**Problem details:** Each entry in this listing needs to be written out again, word for word.

**Stored data:**
________________________________________

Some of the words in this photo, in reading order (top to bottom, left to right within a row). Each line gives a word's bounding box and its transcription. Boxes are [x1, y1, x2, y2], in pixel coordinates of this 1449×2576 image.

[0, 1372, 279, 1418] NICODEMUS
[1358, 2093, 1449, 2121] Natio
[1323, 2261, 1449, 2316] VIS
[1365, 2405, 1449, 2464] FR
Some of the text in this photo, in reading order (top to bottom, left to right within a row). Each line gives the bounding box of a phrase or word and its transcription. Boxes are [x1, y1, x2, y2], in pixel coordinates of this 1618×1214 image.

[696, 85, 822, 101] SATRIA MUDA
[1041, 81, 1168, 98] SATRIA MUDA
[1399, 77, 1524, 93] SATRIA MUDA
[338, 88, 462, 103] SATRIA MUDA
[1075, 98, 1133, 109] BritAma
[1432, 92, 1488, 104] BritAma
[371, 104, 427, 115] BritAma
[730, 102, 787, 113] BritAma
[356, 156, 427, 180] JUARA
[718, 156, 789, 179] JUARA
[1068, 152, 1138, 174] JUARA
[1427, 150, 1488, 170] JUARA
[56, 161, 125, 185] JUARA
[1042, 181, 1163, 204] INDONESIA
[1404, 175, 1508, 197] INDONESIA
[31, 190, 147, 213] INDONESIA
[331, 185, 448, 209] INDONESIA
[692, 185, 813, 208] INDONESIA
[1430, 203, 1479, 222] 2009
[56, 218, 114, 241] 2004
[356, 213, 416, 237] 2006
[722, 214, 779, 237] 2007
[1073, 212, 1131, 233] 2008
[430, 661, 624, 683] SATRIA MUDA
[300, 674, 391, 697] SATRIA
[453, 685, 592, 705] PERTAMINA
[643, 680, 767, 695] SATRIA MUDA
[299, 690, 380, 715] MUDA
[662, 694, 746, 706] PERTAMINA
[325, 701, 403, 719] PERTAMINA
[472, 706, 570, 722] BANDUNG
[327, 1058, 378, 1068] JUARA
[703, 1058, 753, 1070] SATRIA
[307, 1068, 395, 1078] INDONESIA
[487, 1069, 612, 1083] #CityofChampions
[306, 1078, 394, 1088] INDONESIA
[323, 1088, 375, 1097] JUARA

________________________________________

**Solution below:**
Some of the words in this photo, in reading order (top to bottom, left to right within a row). Each line gives a word's bounding box and its transcription. Boxes are [x1, y1, x2, y2], in pixel coordinates of this 1449×2576 image.

[0, 1372, 279, 1418] NICODEMUS
[1358, 2093, 1449, 2121] Natio
[1323, 2261, 1449, 2316] VIS
[1365, 2405, 1449, 2464] FR
Some of the text in this photo, in reading order (top to bottom, left to right within a row). Each line gives the bounding box of a phrase or word and its transcription. Boxes are [x1, y1, x2, y2], in pixel coordinates of this 1618×1214 image.

[696, 85, 822, 101] SATRIA MUDA
[1041, 81, 1168, 98] SATRIA MUDA
[1399, 77, 1524, 93] SATRIA MUDA
[338, 88, 462, 103] SATRIA MUDA
[1075, 98, 1133, 109] BritAma
[1432, 92, 1488, 104] BritAma
[371, 104, 427, 115] BritAma
[730, 102, 787, 113] BritAma
[356, 156, 427, 180] JUARA
[718, 156, 789, 179] JUARA
[1068, 152, 1138, 174] JUARA
[1427, 150, 1488, 170] JUARA
[56, 161, 125, 185] JUARA
[1042, 181, 1163, 204] INDONESIA
[1404, 175, 1508, 197] INDONESIA
[31, 190, 147, 213] INDONESIA
[331, 185, 448, 209] INDONESIA
[692, 185, 813, 208] INDONESIA
[1430, 203, 1479, 222] 2009
[56, 218, 114, 241] 2004
[356, 213, 416, 237] 2006
[722, 214, 779, 237] 2007
[1073, 212, 1131, 233] 2008
[430, 661, 624, 683] SATRIA MUDA
[300, 674, 391, 697] SATRIA
[453, 685, 592, 705] PERTAMINA
[643, 680, 767, 695] SATRIA MUDA
[299, 690, 380, 715] MUDA
[662, 694, 746, 706] PERTAMINA
[325, 701, 403, 719] PERTAMINA
[472, 706, 570, 722] BANDUNG
[327, 1058, 378, 1068] JUARA
[703, 1058, 753, 1070] SATRIA
[307, 1068, 395, 1078] INDONESIA
[487, 1069, 612, 1083] #CityofChampions
[306, 1078, 394, 1088] INDONESIA
[323, 1088, 375, 1097] JUARA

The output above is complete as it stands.